Exercise objective: Records appear below. Give all of them again, exactly.
═══ Records provided ═══
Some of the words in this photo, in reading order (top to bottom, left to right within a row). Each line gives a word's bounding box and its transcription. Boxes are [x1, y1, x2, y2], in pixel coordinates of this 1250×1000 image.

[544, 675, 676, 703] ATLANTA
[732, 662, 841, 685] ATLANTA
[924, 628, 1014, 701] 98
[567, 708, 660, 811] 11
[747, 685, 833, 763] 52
═══
Response:
Some of the words in this photo, in reading order (top to bottom, left to right within a row). Each line gives a word's bounding box and its transcription. Boxes are [x1, y1, x2, y2], in pixel coordinates of this 1250×1000 image.

[544, 675, 676, 703] ATLANTA
[732, 662, 841, 685] ATLANTA
[924, 628, 1014, 701] 98
[567, 708, 660, 811] 11
[747, 685, 833, 763] 52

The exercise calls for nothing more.